NCAS and Norwich University of the Arts graduate prizes 2024

 

Every year, ncas awards two prizes to Norwich University of the Arts Fine Art students, a Fine Art and New Makers prize, plus two commendations in each category. On 18 June members of the ncas committee were guided around ‘Gradfest’ the undergraduate degree show, in order to select these prizes.

 

Craig Barber, Head of Fine Art, took us around and his enthusiasm for the cohort of students and their dedication to producing an excellent degree show was infectious. It was incredibly difficult to select one winner for each of the prizes but we did come to a consensus with Harriet Atkinson winning the Fine Art Prize for her atmospheric paintings of guard dogs, with commendations in this category going to Brad Rumbl for his installation using AI to explore Yungian stereotypes and Yanni Ho for her installation of watercolour paintings.

 

The New Makers prize encompasses making in its broadest form and was won by Ewan Ormond with his sculpture, video and poetry exploring pagan belief and ritual and commendations went to Rollo Timothy George for his exploration of everyday signage in print, ceramic and timber and to Lauren Marie Wells for her tea table installation that included embroidery and bronze casting.

 
 
 

Sir Antony Gormley and Dame Magdalene Odundo at Houghton Hall

Event date: 13 and 17 June 2024
Review by Danusia Wurm

 

Time Horizon, Houghton Hall 2024 (detail) , Anthony Gormley

Expertly hosted by Amanda Geitner and Caroline Fisher, ncas members were given a fascinating insight into Sir Anthony Gormley’s Time Horizon installation and Dame Magdalene Odundo’s anthropomorphic ceramic and glass artwork, set in the Palladian splendour of Houghton Hall and its extensive grounds.

 
 
Time Horizon is not a picture. It is a field and you are in it
— Sir Antony Gormley
 
 

In one of his largest installations, Antony Gormley has literally seeded the Hall and grounds with 100 life sized sculptures each carefully placed within the landscape and to the same datum level.

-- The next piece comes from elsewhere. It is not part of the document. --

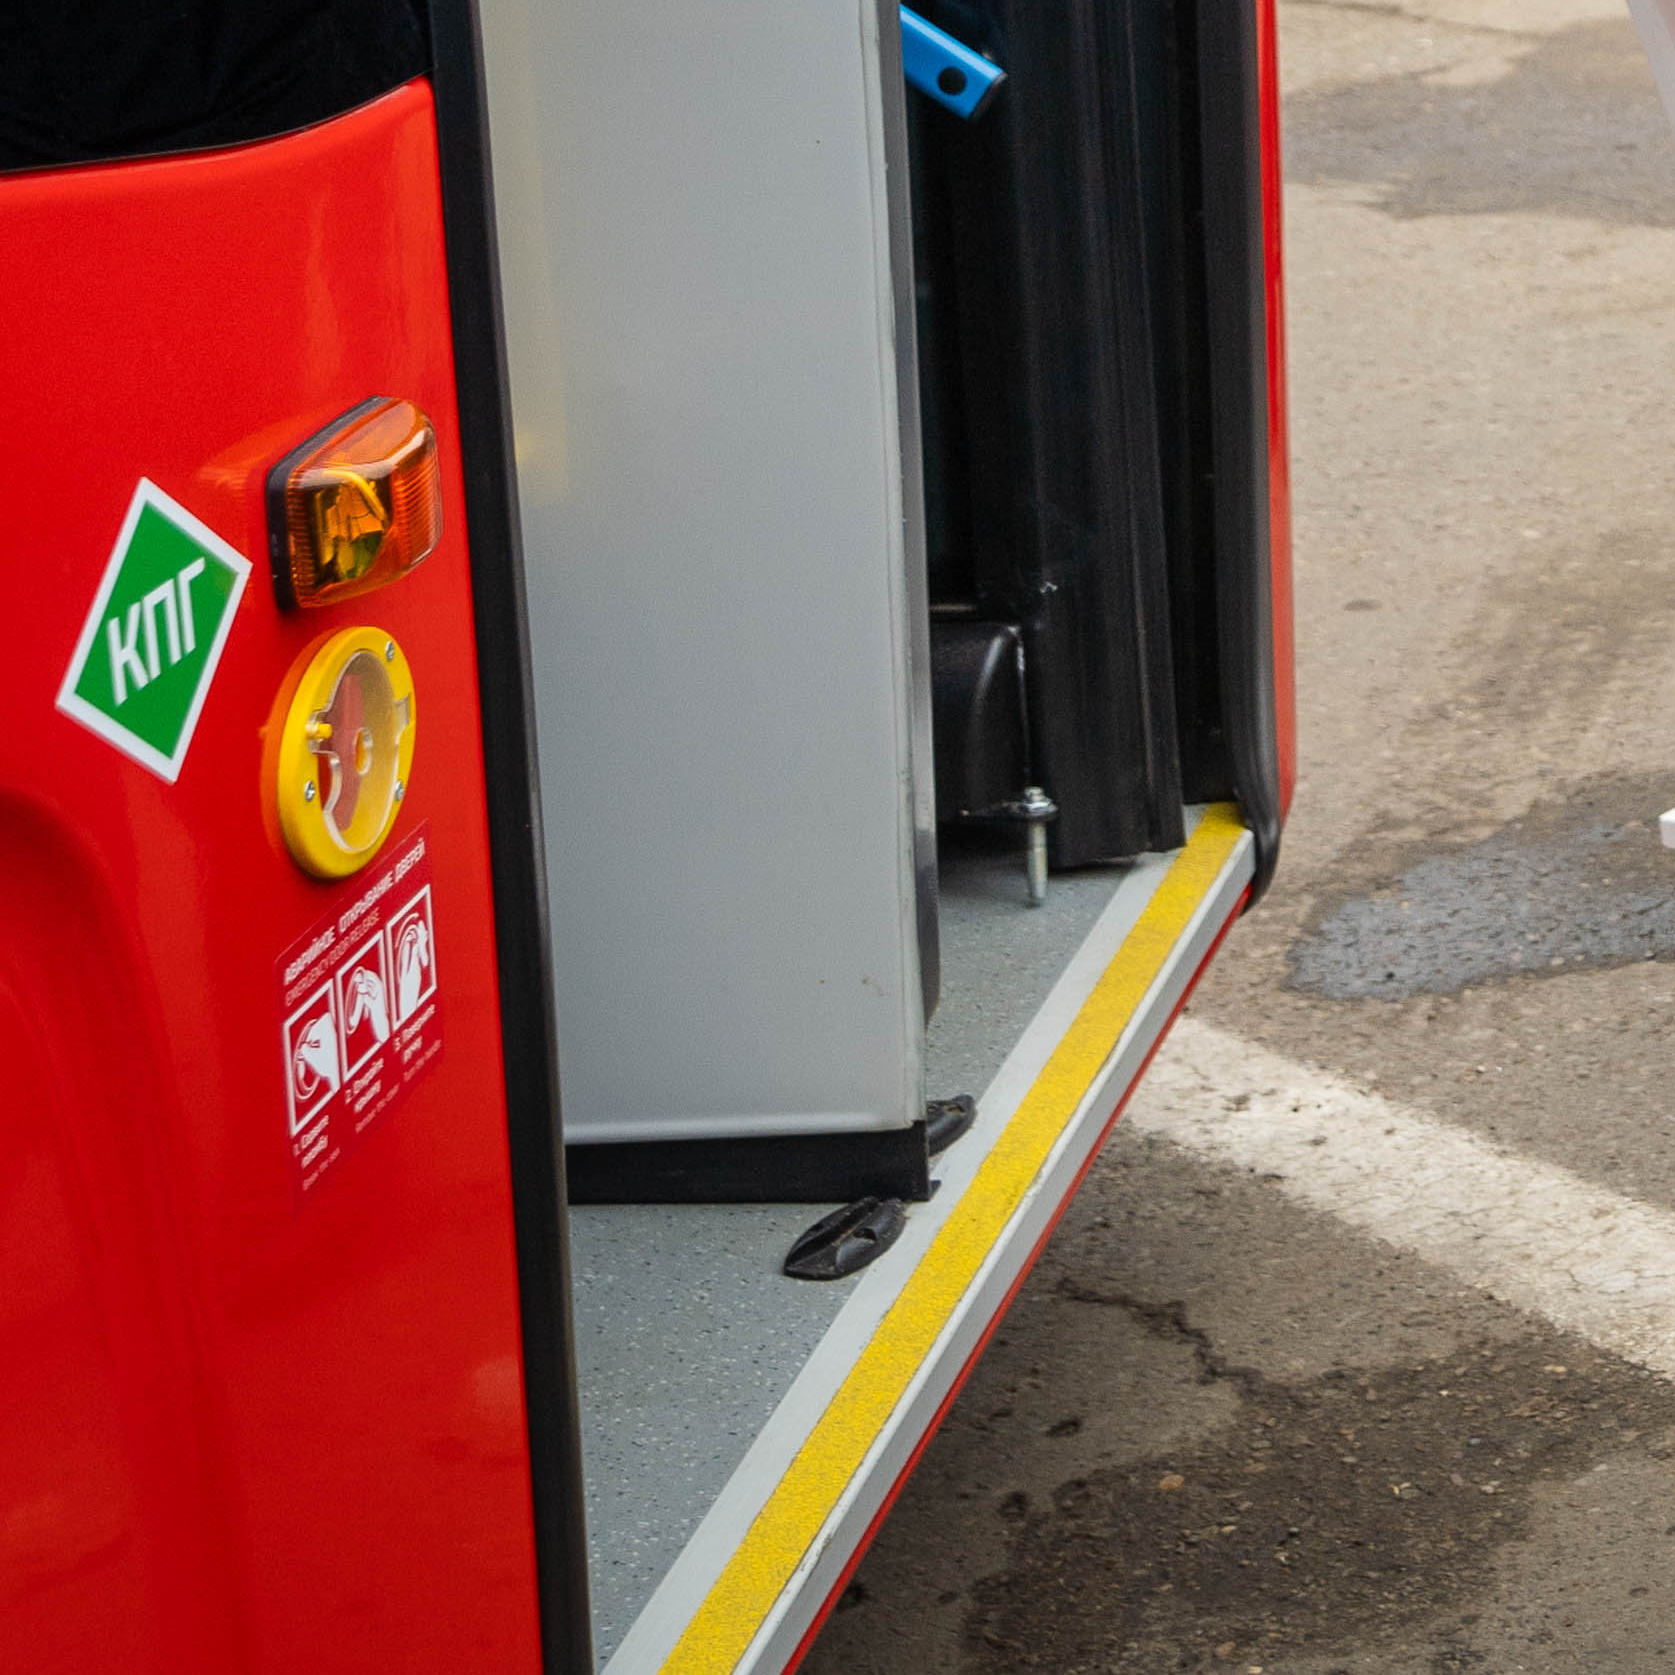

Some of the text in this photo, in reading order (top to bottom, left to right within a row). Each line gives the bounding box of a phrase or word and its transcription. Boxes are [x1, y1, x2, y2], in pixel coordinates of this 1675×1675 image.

Gormley says “ My ambition for this show is that people should roam far and wide. Art has recently privileged the object rather than the experience that objects can initiate. Time Horizon is not a picture. It is a field and you are in it”

 
 

By contrast, Dame Magdalene Odundo’s work sits quietly within Houghton Hall challenging the lavish, ornamental grandeur of the interior with an exquisite simplicity of form. Odundo says “It’s all about the human form. We have this internal side of us that makes us who we are, and the external bit that is the embellishment of who we are. And humanity comes from the hidden inside you”.

 
It’s all about the human form
— Magdalene Odundo
 

Her centre piece is a monumental ceramic sculpture, created using Wedgewood moulds, which poignantly addresses the themes of slavery and contemporary activism.

 

Vessel, Magdalene Odundo

Odundo’s show runs until 29 September and Gormley’s Time Horizon until 31 October 2024.

 
 

Review by ncas trustee Danusia Wurm

 
 

Talk by Mali Morris: Painting Colour and All that Jazz

Event date: 15 May 2024
Review by Carl Rowe

 

Mali Morris and Carl Rowe

 
 
 

The first slide lit up the screen with squares of vibrant pinks, reds and blues, all circulating around the centre of a colourful grid. A warm ripple of pleasure spread through the seated audience. Mali’s gentle voice accompanied the image of her painting, and then she steamed into an hour of vivid recollections and tantalising explanations. Just like the jazz drummer John Stevens of whom Mali talked so warmly, she revealed through her talk the improvisations, risks, tricks and freedom with which she makes paintings. The results are points at which a process of excavation have been halted. Paintings run into trouble, don’t work, but then through an enjoyable process of determination, come to a point of conclusion.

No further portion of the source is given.